City in Missouri, U.S.

Burlington Junction is a city in northwestern Nodaway County, Missouri, United States. The population was 521 at the 2020 census and is the second largest city in the county by population.

==History==
Burlington Junction was founded in 1879, and named for the junction between the Chicago, Burlington and Quincy Railroad and the Wabash Railroad near the original town site. A post office called Burlington Junction has been in operation since 1879, though for its first year it was called Cleveland.

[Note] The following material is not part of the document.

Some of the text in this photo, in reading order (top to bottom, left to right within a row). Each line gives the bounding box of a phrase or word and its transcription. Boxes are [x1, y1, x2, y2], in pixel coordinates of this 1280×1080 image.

Possum Walk Hotel was listed on the National Register of Historic Places in 1983.

==Geography==
According to the United States Census Bureau, the city has a total area of 1.11 sqmi, all land. Burlington Junction lies 4.5 miles southwest of Clearmont, 12 miles northwest of Maryville, and around 17 miles east of Tarkio. Also, US Highway 136 intersects the northern terminus of Missouri Route 113 in the city.

==Demographics==

Historical population
| Census | Pop. | Note | %± |
| 1880 | 657 |  | — |
| 1890 | 707 |  | 7.6% |
| 1900 | 759 |  | 7.4% |
| 1910 | 942 |  | 24.1% |
| 1920 | 970 |  | 3.0% |
| 1930 | 813 |  | −16.2% |
| 1940 | 838 |  | 3.1% |
| 1950 | 746 |  | −11.0% |
| 1960 | 650 |  | −12.9% |
| 1970 | 634 |  | −2.5% |
| 1980 | 657 |  | 3.6% |
| 1990 | 634 |  | −3.5% |
| 2000 | 632 |  | −0.3% |
| 2010 | 537 |  | −15.0% |
| 2020 | 521 |  | −3.0% |
U.S. Decennial Census

===2010 census===
As of the census of 2010, there were 537 people, 228 households, and 147 families living in the city. The population density was 483.8 PD/sqmi. There were 266 housing units at an average density of 239.6 /sqmi. The racial makeup of the city was 99.1% White, 0.2% from other races, and 0.7% from two or more races. Hispanic or Latino of any race were 0.9% of the population.

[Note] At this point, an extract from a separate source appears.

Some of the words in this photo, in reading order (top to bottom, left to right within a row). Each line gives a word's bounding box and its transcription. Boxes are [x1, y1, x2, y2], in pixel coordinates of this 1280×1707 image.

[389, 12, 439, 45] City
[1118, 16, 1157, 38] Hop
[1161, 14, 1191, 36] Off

There were 228 households, of which 32.9% had children under the age of 18 living with them, 49.1% were married couples living together, 9.2% had a female householder with no husband present, 6.1% had a male householder with no wife present, and 35.5% were non-families. 31.1% of all households were made up of individuals, and 13.6% had someone living alone who was 65 years of age or older. The average household size was 2.36 and the average family size was 2.96.

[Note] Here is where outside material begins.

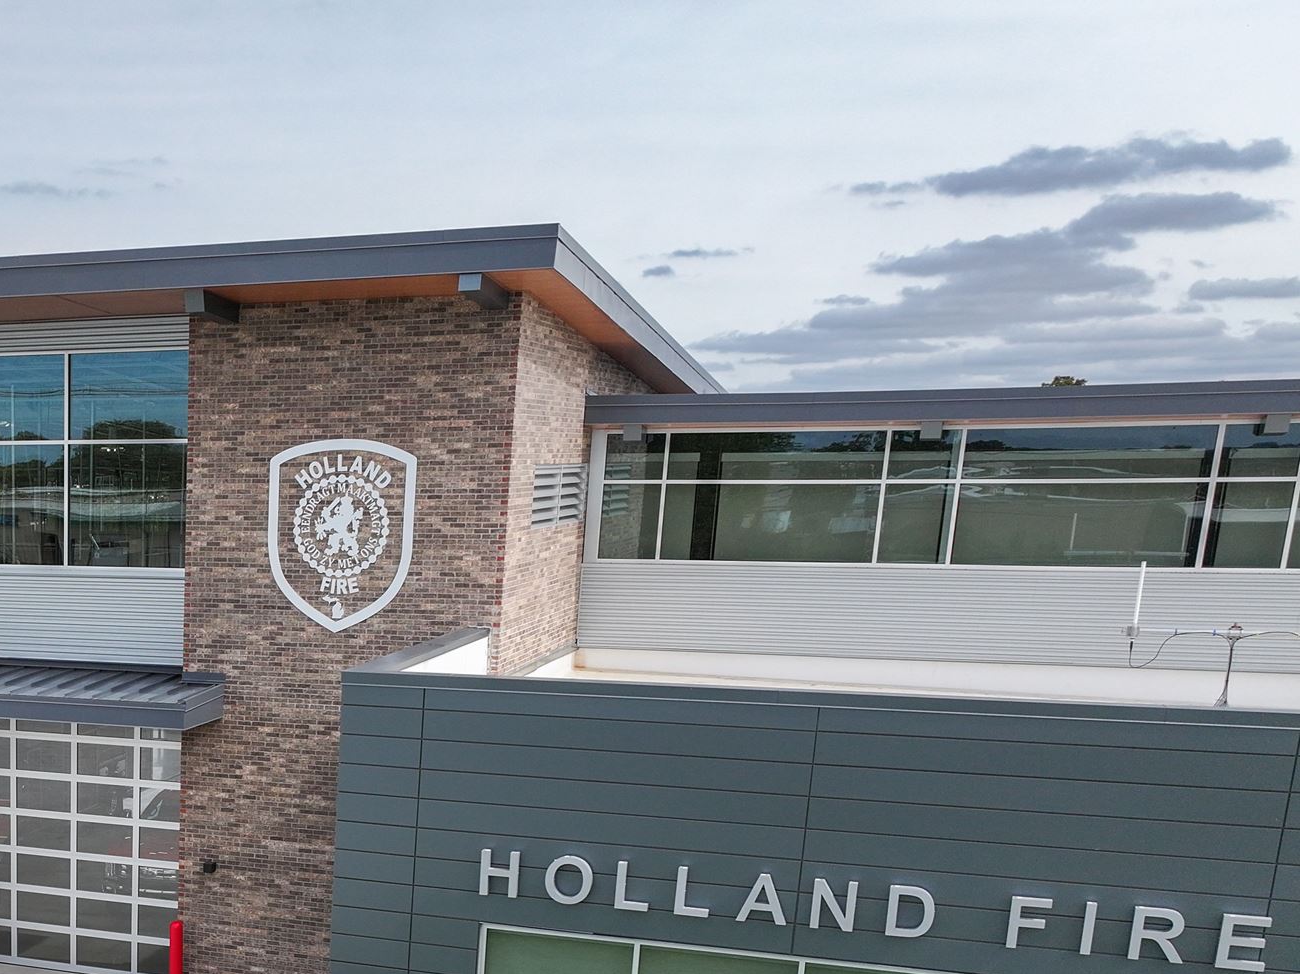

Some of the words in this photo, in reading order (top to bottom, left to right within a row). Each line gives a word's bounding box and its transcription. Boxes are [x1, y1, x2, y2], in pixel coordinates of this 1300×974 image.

The median age in the city was 37.5 years. 26.3% of residents were under the age of 18; 8% were between the ages of 18 and 24; 24.2% were from 25 to 44; 25.5% were from 45 to 64; and 16% were 65 years of age or older. The gender makeup of the city was 50.7% male and 49.3% female.

===2000 census===
As of the census of 2000, there were 632 people, 254 households, and 170 families living in the city. The population density was 563.8 /sqmi. There were 288 housing units at an average density of 256.9 /sqmi. The racial makeup of the city was 99.68% White and 0.32% Native American. Hispanic or Latino of any race were 0.16% of the population.

There were 254 households, out of which 35.8% had children under the age of 18 living with them, 55.9% were married couples living together, 6.7% had a female householder with no husband present, and 32.7% were non-families. 29.1% of all households were made up of individuals, and 16.5% had someone living alone who was 65 years of age or older. The average household size was 2.46 and the average family size was 3.06.

In the city the population was spread out, with 27.7% under the age of 18, 10.8% from 18 to 24, 25.9% from 25 to 44, 18.8% from 45 to 64, and 16.8% who were 65 years of age or older. The median age was 34 years. For every 100 females there were 92.7 males. For every 100 females age 18 and over, there were 83.5 males.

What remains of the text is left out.